|Classification and external resources|
Brain ischemia (aka cerebral ischemia, cerebrovascular ischemia) is a condition in which there is insufficient blood flow to the brain to meet metabolic demand. This leads to poor oxygen supply or cerebral hypoxia and thus to the death of brain tissue or cerebral infarction / ischemic stroke. It is a sub-type of stroke along with subarachnoid hemorrhage and intracerebral hemorrhage.
Ischemia leads to alterations in brain metabolism, reduction in metabolic rates, and energy crisis.
There are two types of ischemia: focal ischemia, which is confined to a specific region of the brain; and global ischemia, which encompasses wide areas of brain tissue.
The main symptoms involve impairments in vision, body movement, and speaking. The causes of brain ischemia vary from sickle cell anemia to congenital heart defects. Symptoms of brain ischemia can include unconsciousness, blindness, problems with coordination, and weakness in the body. Other effects that may result from brain ischemia are stroke, cardiorespiratory arrest, and irreversible brain damage.

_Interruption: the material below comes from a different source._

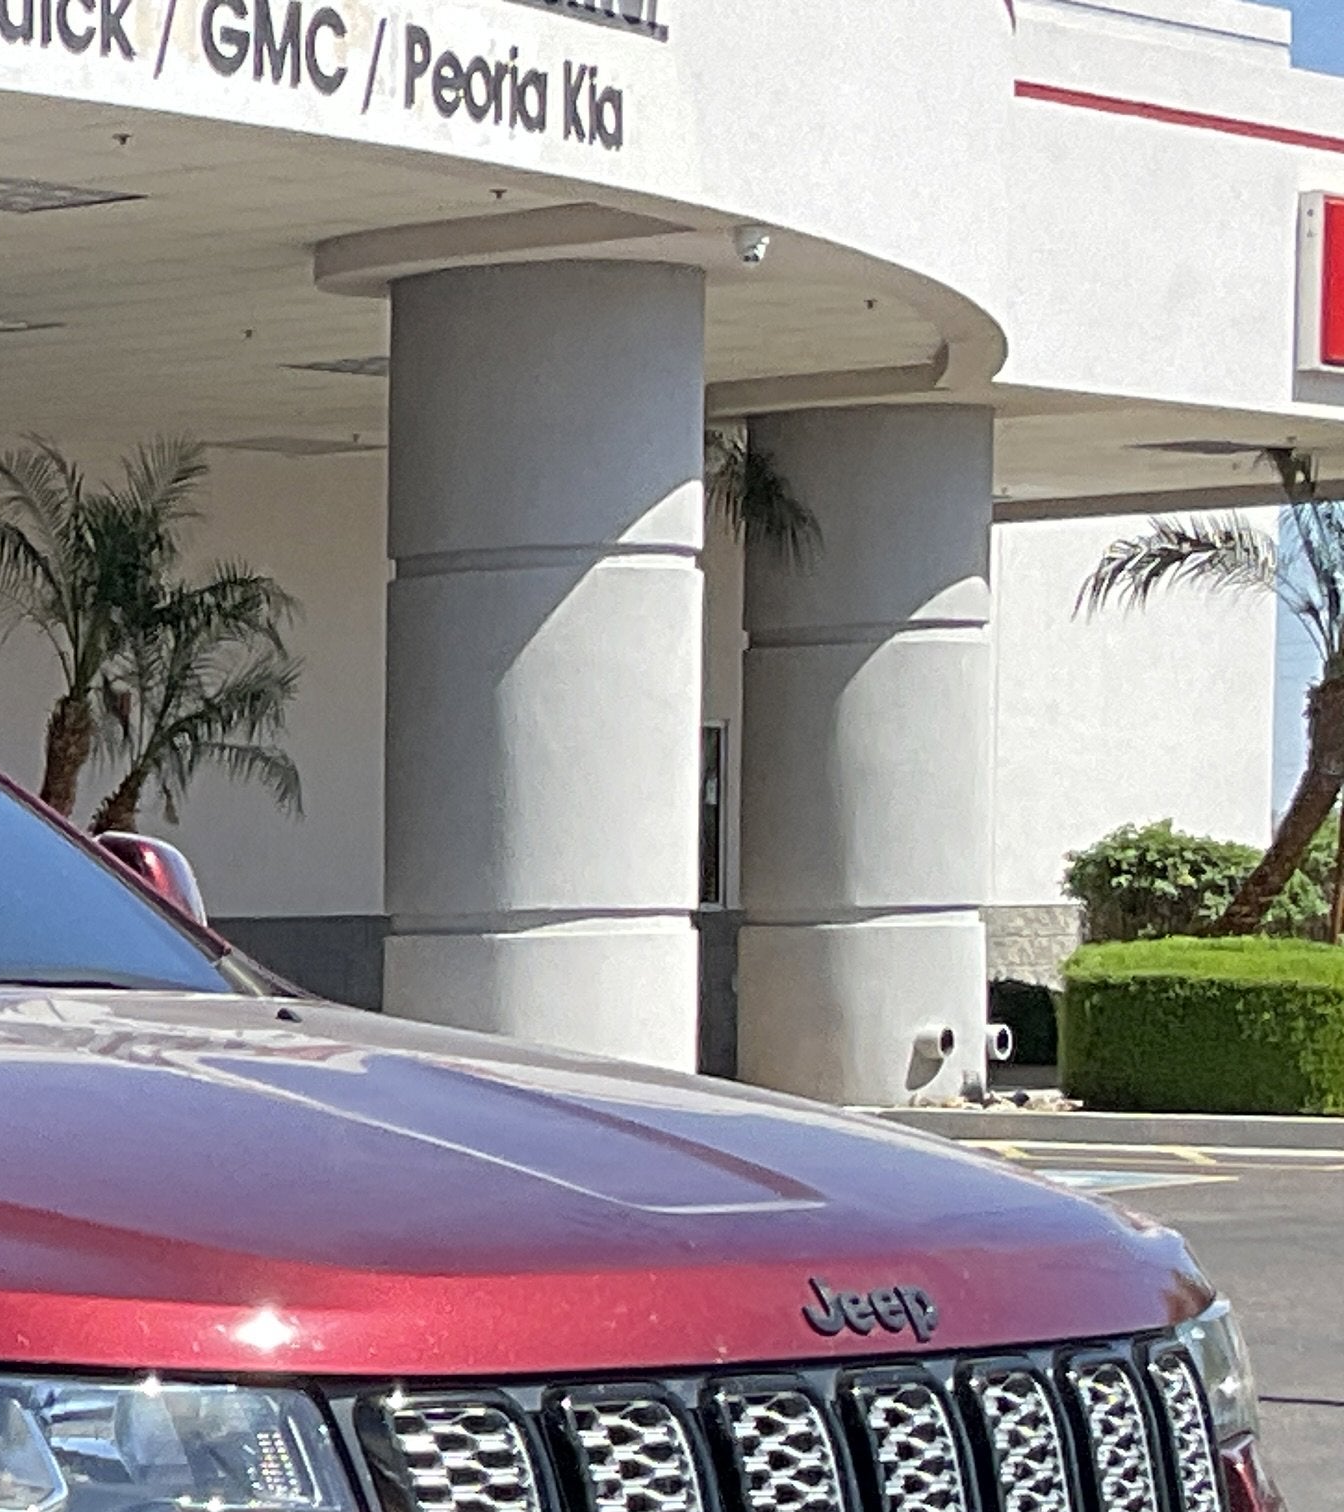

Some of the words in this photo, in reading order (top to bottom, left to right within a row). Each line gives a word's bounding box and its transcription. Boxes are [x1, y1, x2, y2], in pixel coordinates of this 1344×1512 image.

An interruption of blood flow to the brain for more than 10 seconds causes unconsciousness, and an interruption in flow for more than a few minutes generally results in irreversible brain damage. In 1974, Hossmann and Zimmermann demonstrated that ischemia induced in mammalian brains for up to an hour can be at least partially recovered. Accordingly, this discovery raised the possibility of intervening after brain ischemia before the damage becomes irreversible.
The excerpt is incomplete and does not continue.